"Boeing Boeing" soars above lame script

2013-09-29T00:00:00Z 2014-06-30T11:23:02Z "Boeing Boeing" soars above lame scriptBy Kathleen Allen Arizona Daily Star Arizona Daily Star
September 29, 2013 12:00 am  • 

This is how good an actor Michael Calvoni is:

He can make a creaky French farce fresh and very, very funny.

The University of Arizona senior plays the nerdy Robert in Arizona Repertory Theatre’s production of “Boeing Boeing.”

Robert stops in at Bernard’s (Parker Janecek) eloquent Paris apartment just to say hi to his old friend. And he steps into a mess: Bernard is a philanderer who is juggling three women, all airline stewardesses.And all engaged to Bernard. It’s 1960, and faster jets have hit the scene, so suddenly the time the women are in Paris overlaps.

This has put Bernard in a frenzied state and astounds Robert, who has yet to kiss a woman. But he’s a fast learner.
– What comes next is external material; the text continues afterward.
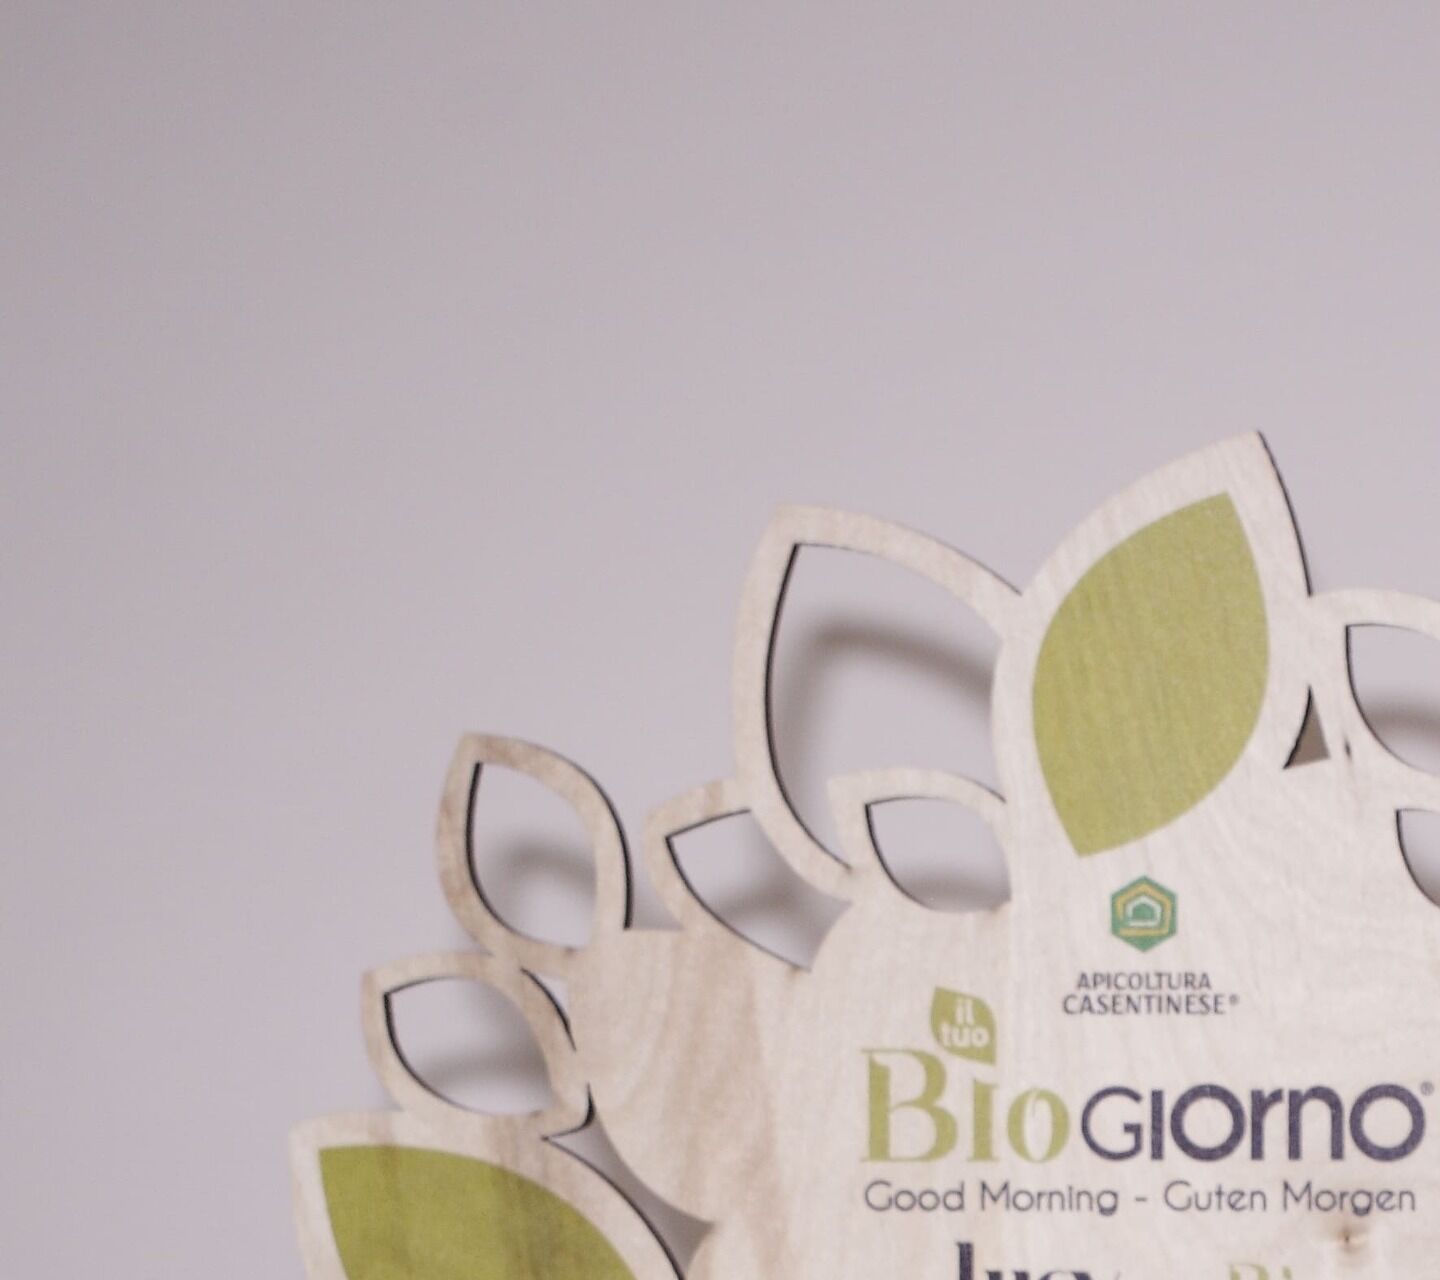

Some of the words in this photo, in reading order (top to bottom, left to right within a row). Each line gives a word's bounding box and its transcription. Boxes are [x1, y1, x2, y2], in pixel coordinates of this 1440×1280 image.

Calvoni is a wonderful physical actor. He was like liquid, smoothly diving, tumbling and tripping across the stage. He completely possessed this character who discovers things about women — and himself — that he never fathomed.

Sharing a stage with him has got to be a challenge, but this cast of students were up for it. Lindsey Mony as the surly French maid Berthe was a stitch as she rolled her eyes and snarled at the other characters. Janecek cut the ideal early ’60s suave guy, with a trim haircut and an ascot. And the three stewardesses — Sammie Lideen as Gretchen, from Germany; Silvia Vannoy, Gloria, from the American south, and Carli Naff, the Italian Gabriella — displayed exquisite timing, the most necessary ingredient for a successful farce.

The Marc Camoletti play is thin on story and characterization. No matter, it’s the humor and awkward situations that make up many farces.

Director Brent Gibbs got that, and had no problem inserting tons of sight gags. The result is a play that’s a hoot.

The set of Bernard’s apartment, designed by UA senior Taryn Wintersteen, packed a wallop. It had plenty of windows, art and six doors which opened and closed with some frequency (otherwise, really, it wouldn’t be a farce).

“Boeing Boeing” is far funnier than the script deserves. Credit for that goes to the director and actors, especially Calvoni.